The ion escape mechanism from planets is mainly determined by the presence of an intrinsic magnetic field, the orientation of the interplanetary magnetic field (IMF), and the solar X ray and extreme ultraviolet (XUV) irradiances. It is believed that ancient Mars had a global intrinsic magnetic field of interior origin and the magnetic field decayed by ~3.9 billion years ago (Acuña et al., 1999). One of the pieces of evidence that ancient Mars had an intrinsic field is the existence of a "crustal magnetic field” (Acuña et al., 1999). Sakai et al. (2018) investigated the effect of a weak intrinsic magnetic field at the Martian equatorial surface on the escape mechanism. It was shown that the existence of the weak field results in an enhancement of the ion escape rate. A parker-spiral IMF was however used in order to obtain the escape rate in this earlier study. The orientation of IMF also changes the escape rate and mechanism. Sakai et al. (2021) suggested that the escape rate is the lowest in the case of IMF parallel to the dipole at subsolar and comparable in the Parker-spiral and antiparallel IMF case. The parallel IMF case is dominated by the ion escape from the high-latitude lobe reconnection region, where ionospheric ions are transported upward along open field lines, while in the antiparallel IMF case, the escape flux of heavy ions increases significantly due to the mass loading of ionospheric ions, with peaks around the equatorial dawn and dusk flanks. Previous studies have investigated the ion escape rate and its mechanism for only three IMF orientations, e.g., the northward (parallel), Parker-spiral, and southward (antiparallel) IMF cases, but the factors responsible for the enhancement of escape rate have not yet been elucidated.

This paper investigates the dependence of the escape mechanism on the IMF clock angle under a weak intrinsic magnetic field of 100 nT at the surface and the present-day XUV irradiances using a multispecies magnetohydrodynamic simulation.

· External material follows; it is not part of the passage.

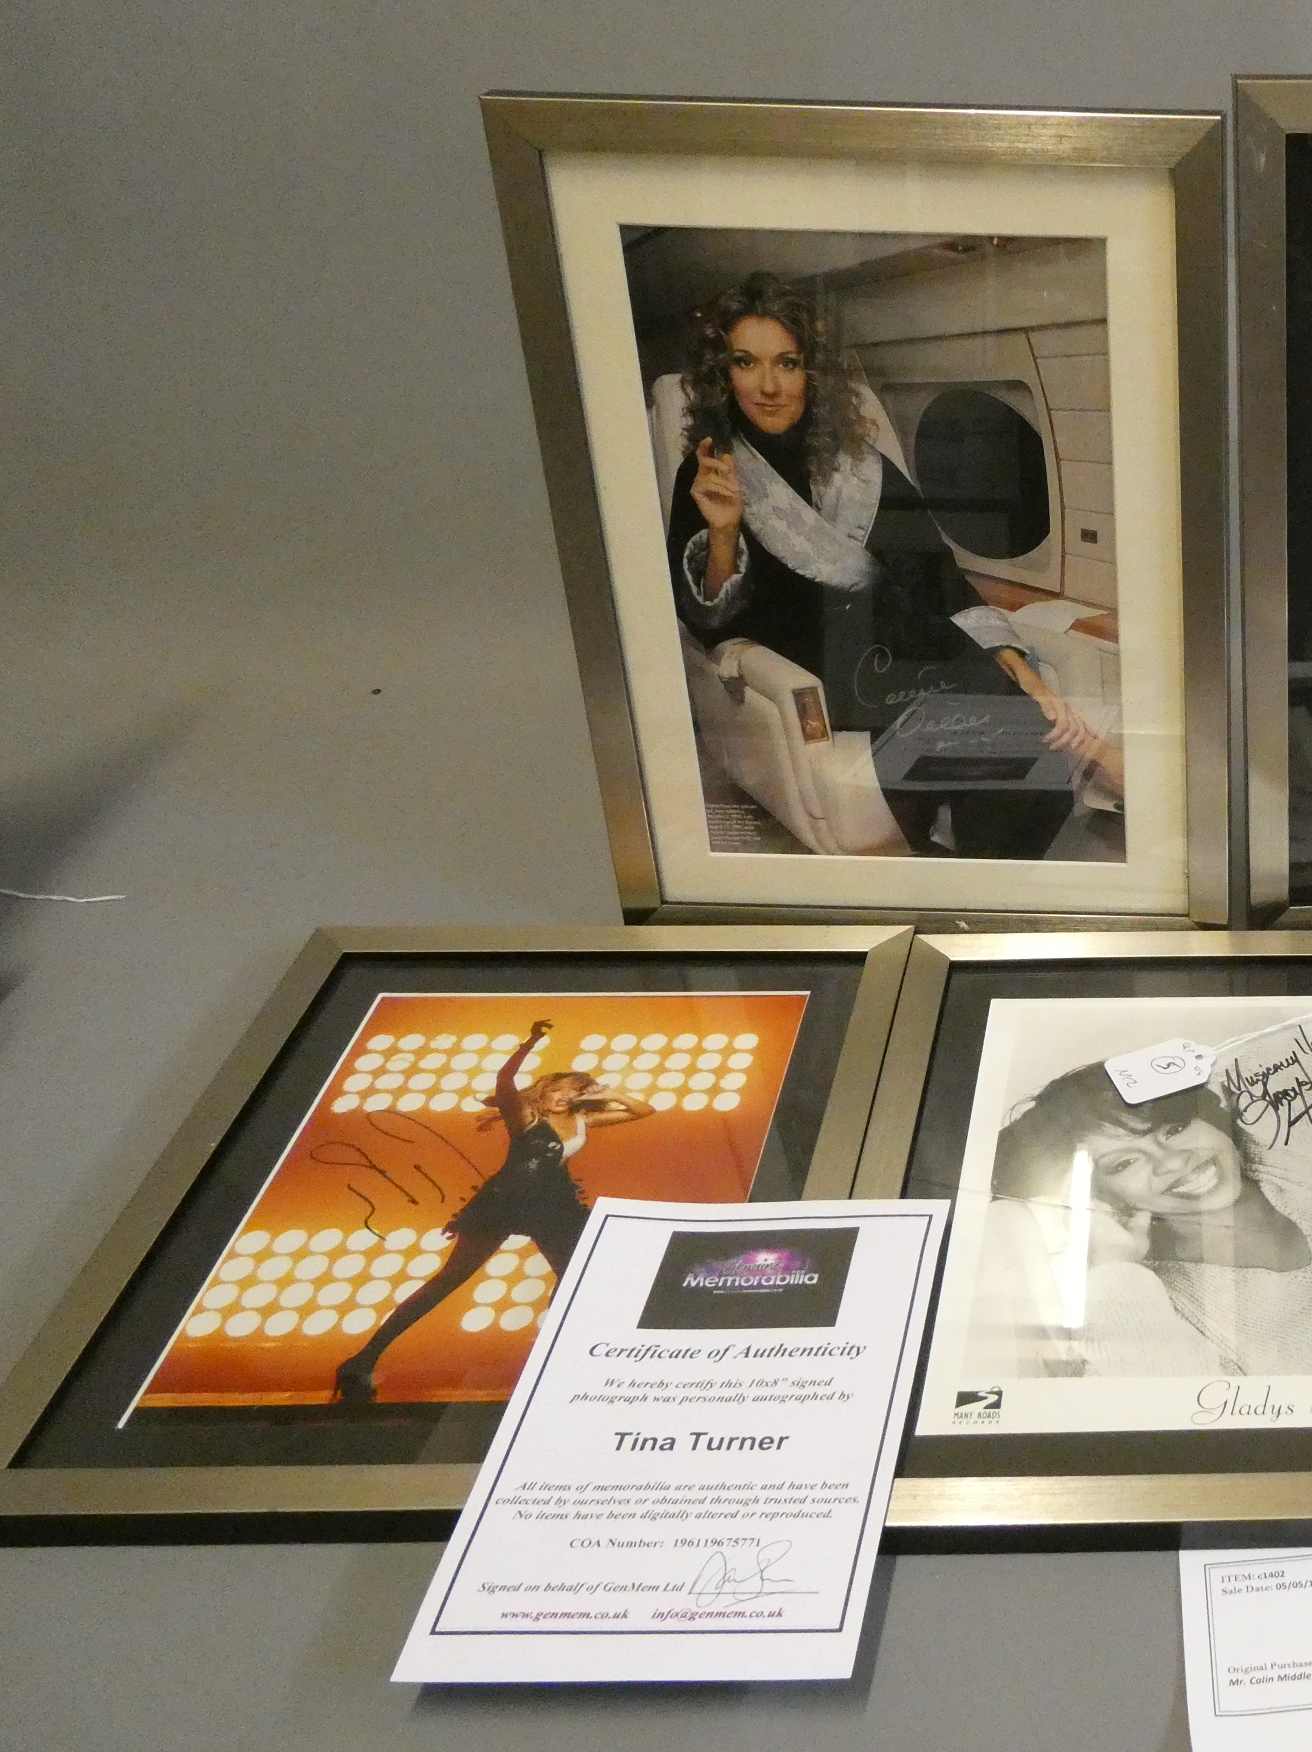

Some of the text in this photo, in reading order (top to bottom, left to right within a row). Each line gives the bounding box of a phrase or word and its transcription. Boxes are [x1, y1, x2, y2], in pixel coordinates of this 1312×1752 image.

The simulation is conducted under the condition that the IMF makes a round in twenty-four hours, which is comparable to the time scale of coronal mass ejection, after starting the northward IMF. The ion escape rate drastically increases when the clock angle is above 45^o from the due north. The reconnections occur in the lobe region of the magnetosphere in the northward IMF, its location gradually moving to the flank region during the transition of the clock angle to 45^o. The reconnections in the flank region also occur in the Parker-spiral IMF case (Sakai et al., 2018; 2021), leading to the enhancement of the ion escape rate. The escape rate gradually increases over time after the clock angle of 60^o, reaching a maximum around the clock angle of 180^o - 210^o in the southward IMF.

This paper also studies the escape mechanism under the different magnetic field strengths and XUV irradiances influencing the escape mechanism, and the results are compared with those under the magnetic field strength of 100 nT and the present-day XUV irradiances.

References:
Acuña, M., Connerney, J. E. P., Ness, N. F., Lin, R. P., Mitchell, D., Carlson, C. W., et al. (1999). Global distribution of crustal magnetization discovered by the Mars Global Surveyor MAG/ER experiment, Science, 284, 790-793. https://doi.org/10.1126/science.284.5415.790
Sakai, S., Seki, K., Terada, N., Shinagawa, H., Tanaka, T., & Ebihara, Y. (2018). Effects of a weak intrinsic magnetic field on atmospheric escape from Mars. Geophys. Res. Lett., 45, 9336-9343. https://doi.org/10.1029/2018GL079972
Sakai, S., Seki, K., Terada, N., Shinagawa, H., Sakata, R., Tanaka, T., & Ebihara, Y. (2021). Effects of the IMF direction on atmospheric escape from a Mars-like planet under weak intrinsic magnetic field conditions. J. Geophys. Res. Space Physics, in revision.